I wanted him to stay alive. I had handed him completely over to the care of strangers. I had waited helplessly while they cut into his body. I had seen him unconscious and I didn’t like it. I had seen him nearly pass out under my care–having no idea how my weak, broken body was going to catch his strong and muscular one. I had seen the stuff–blood? bodily fluid somethin’-er-other–oozing from his wounds stain the bedsheets. I had returned to the hospital at 7 AM the morning after the surgery to find his bed empty, his room seemingly empty, drips of dried blood on the floor! convinced, I was, that something horrible had happened to him in the night and they weren’t able to reach me on my phone for some reason. All of it. I had done. And I never, ever, ever wanted to do any of it ever again. I wanted him well. I wanted him alive. And I thought the best way to do that was for him to listen to his doctor and do everything the doctor told him to do.
But Ry thought differently. Because Ry is not Lee, and Lee is not Ry. Ry had handed his own body over to strangers to do with what they would. He had lain helpless in a hospital bed, bound by medical equipment that was thrust upon him while he was unconscious. Medical equipment he had no way of removing on his own, so he was left subject to the whim and schedule of hospital staff. He’d had things invading his body that had no business being there. He had done helpless and out-of-control. And he. was. finished. He wanted to be strong and healthy and well and alive and under his own power and volition. And he thought the best way to do that was for him to listen to his body and to do everything his body told him to do.
So, my need to feel safe collided with his need to be well. More screaming, slamming, weeping, rending of garments. More stoicism, courage (stupidity?) determination (donkey stubbornness?), perseverance, and compassion with strong boundaries.
But in the end? When it was all said and done? What we had was a healed body, a body cancer-free. Thirteen inches of colon were removed from Ry’s body—more than we had expected, although, apparently it’s standard—along with ten lymph nodes. His lymph nodes were clear, his margins were clear. He was finished. The surgery was all that was needed to rid his body of the cancer. If ever again I see the doctor who ordered Ry’s initial colonoscopy, I think I’m going to have to kiss him.

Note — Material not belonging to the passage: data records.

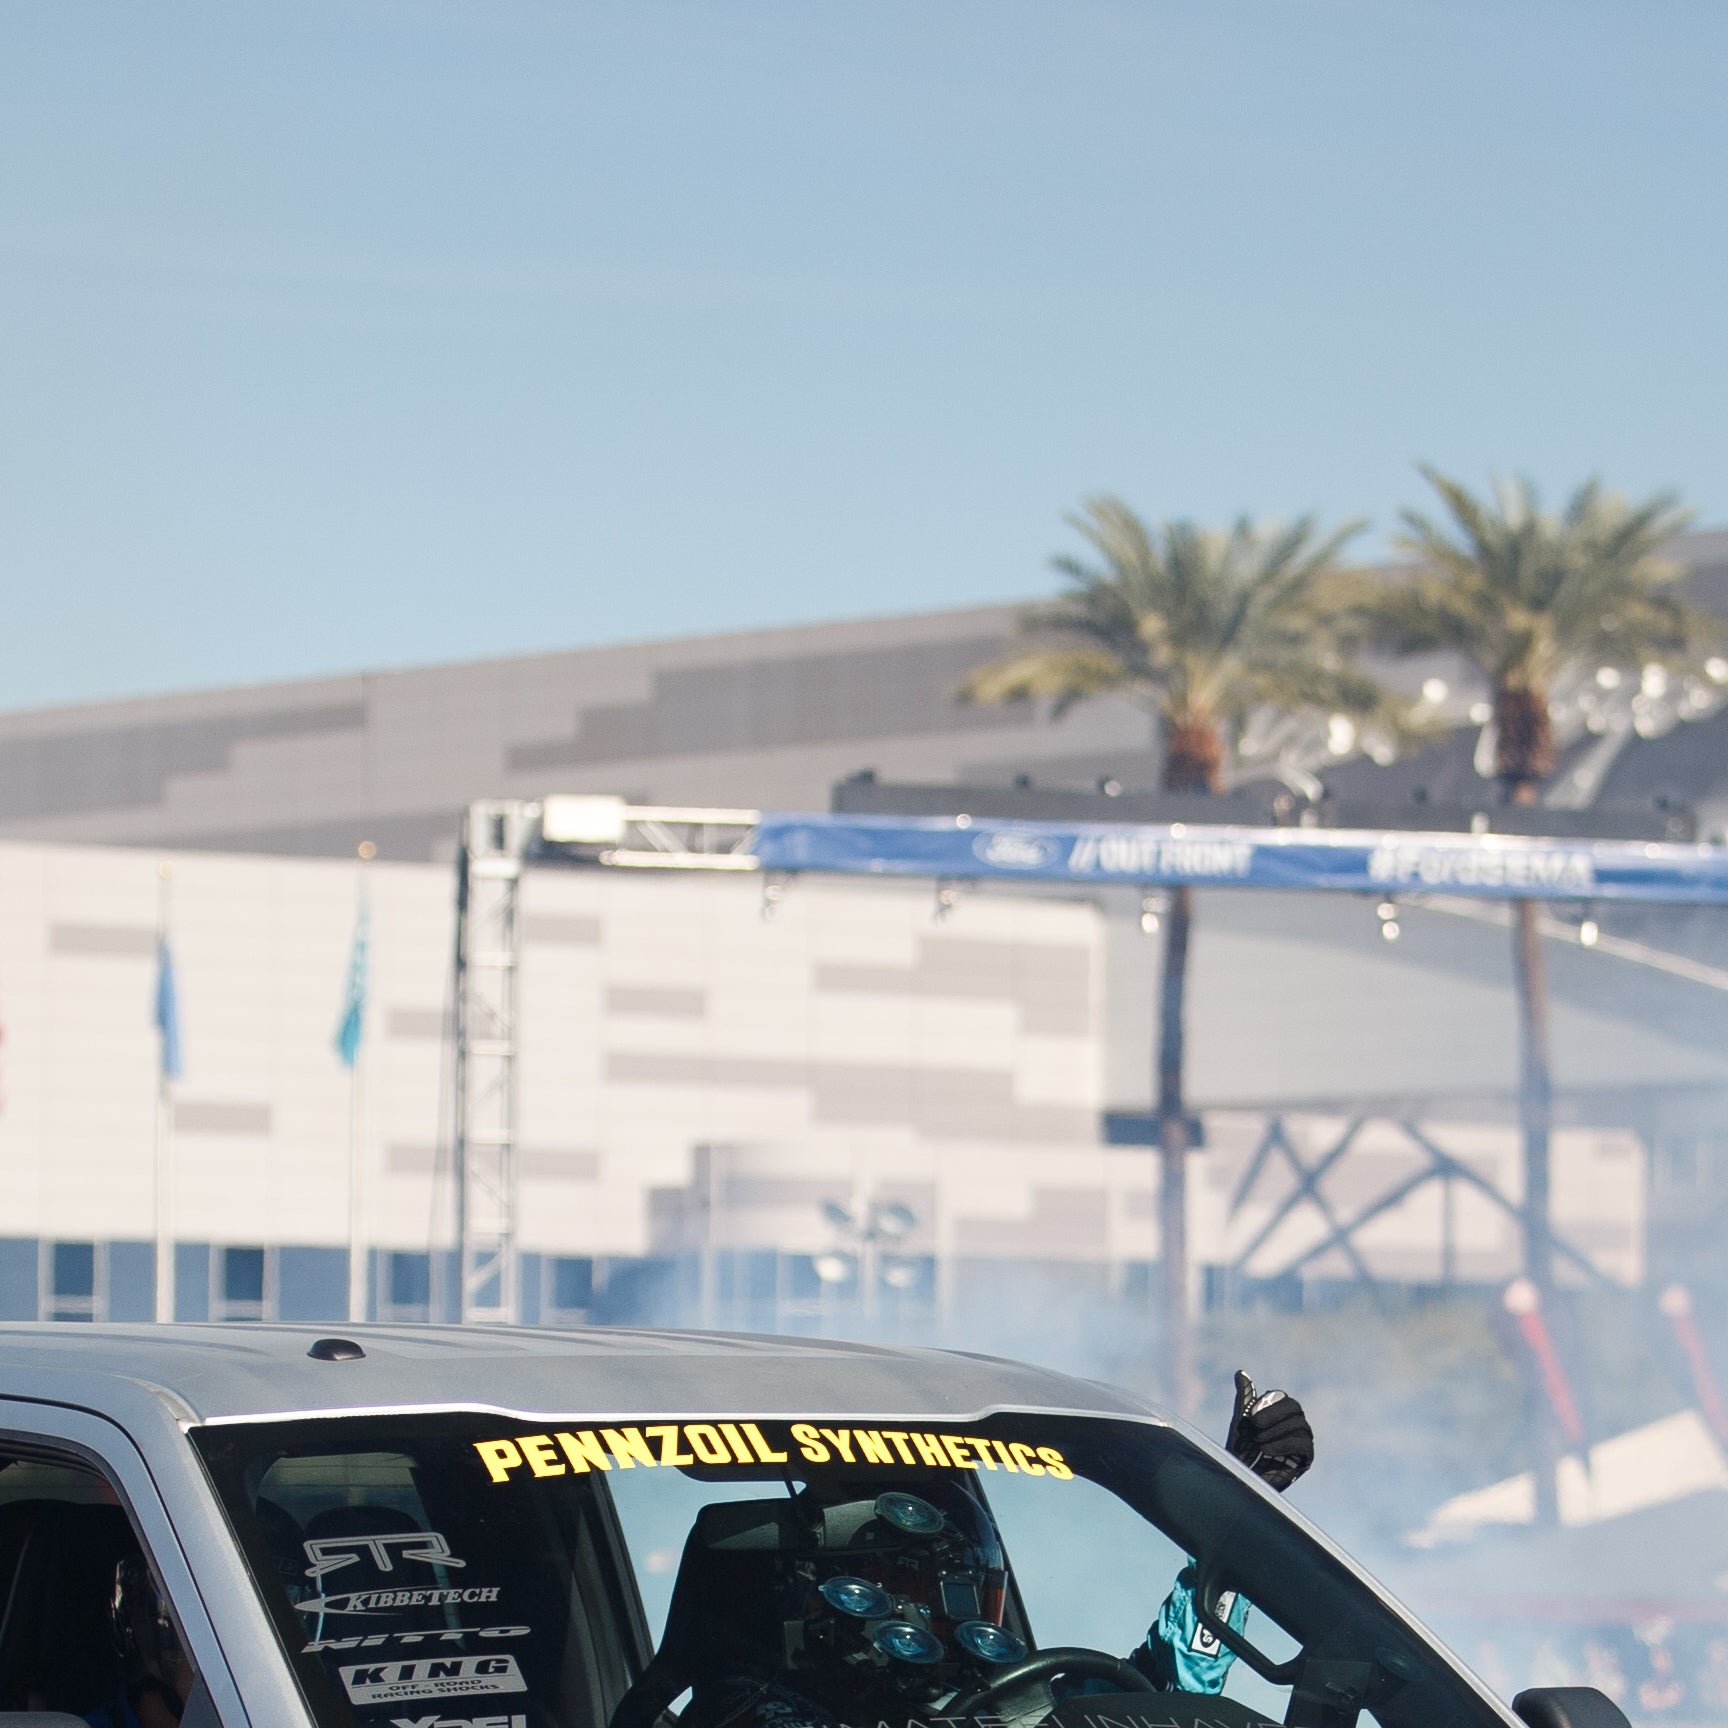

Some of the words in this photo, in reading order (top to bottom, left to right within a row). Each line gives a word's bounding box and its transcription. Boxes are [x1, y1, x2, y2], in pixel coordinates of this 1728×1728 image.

[473, 1423, 788, 1483] PENNZOIL
[792, 1423, 1074, 1481] SYNTHETICS
[343, 1586, 501, 1612] KIBBETECH
[300, 1626, 532, 1654] NITTO
[350, 1658, 512, 1686] KING
[371, 1688, 433, 1700] RACING
[436, 1683, 501, 1694] SHOCKS
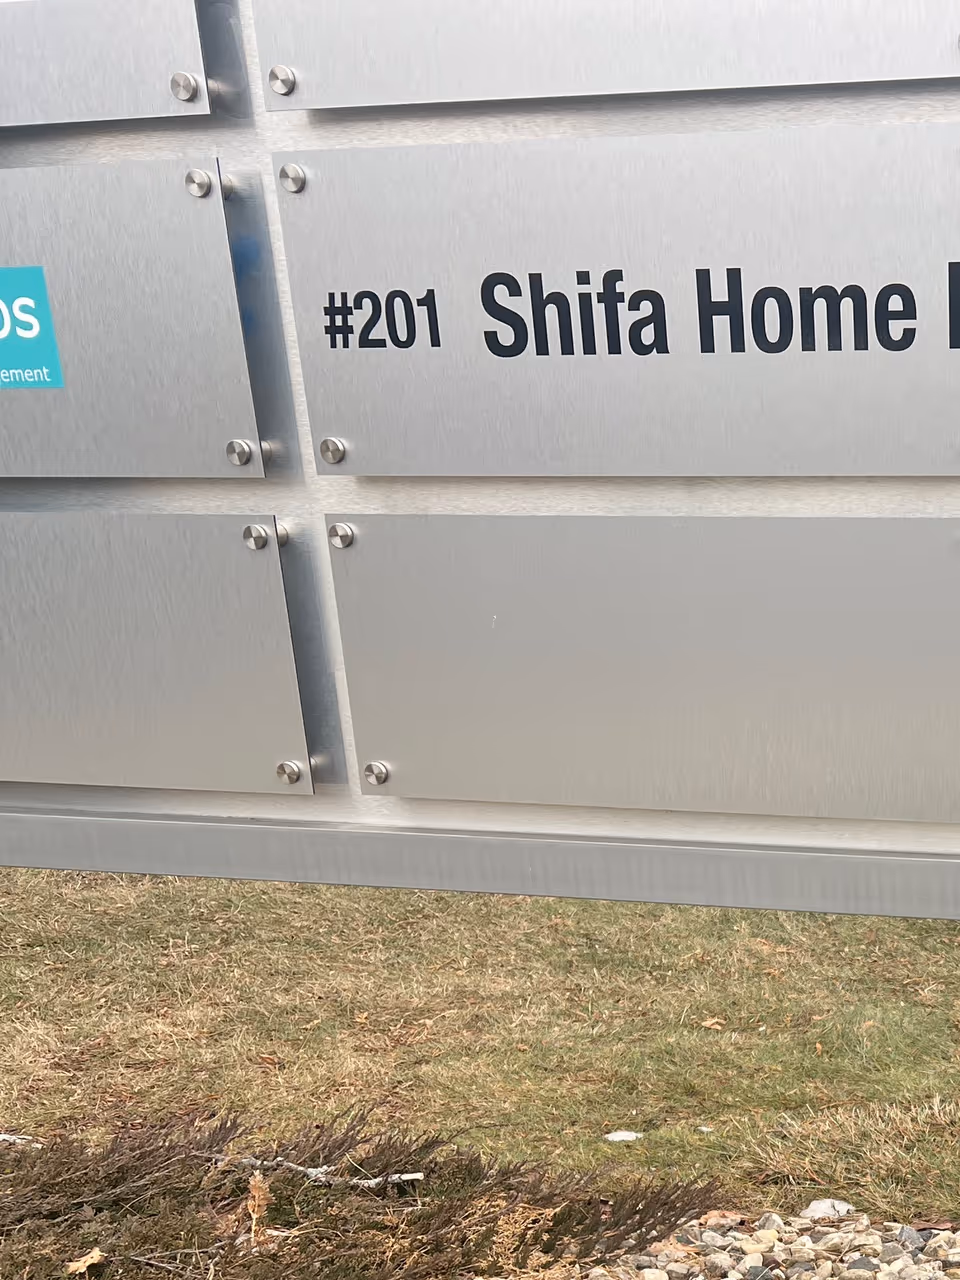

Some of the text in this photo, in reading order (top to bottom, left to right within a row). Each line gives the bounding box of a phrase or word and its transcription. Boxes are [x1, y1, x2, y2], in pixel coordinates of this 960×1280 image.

Ry recovered remarkably quickly from the surgery—which leaves Ry saying, “See? I told you I could listen to my body!” and me saying, “Thanks be to God his intestines didn’t end up outside his abdominal wall in spite of his stubborn need to move a belt sander out of the garage mere days after the surgery, while he was still on a 10lb. weight limit.”
And we’re both right. And we’re both grateful that we’re both right. There is no reason on earth Ry should have had colon cancer. Really. He doesn’t fit into a single risk category. He’s 38, with no family history, in great physical condition—he exercises regularly (crazy man!) and eats healthfully. There was no reason for it. I Googled till my fingers were bruised and my eyes were raw and I came up empty. Yet it happened nonetheless. Because, apparently, stuff just happens sometimes. And all you can do is get through it. And we, by God’s grace, by God’s strength, by God’s knocking some humility into both of us along the way, we did indeed make it.
And we came out the other side all the more convinced that making plans makes no sense. And all the more convinced that God has blessed us with a wonderful marriage and that he continues to bless our marriage richly. In spite of ourselves.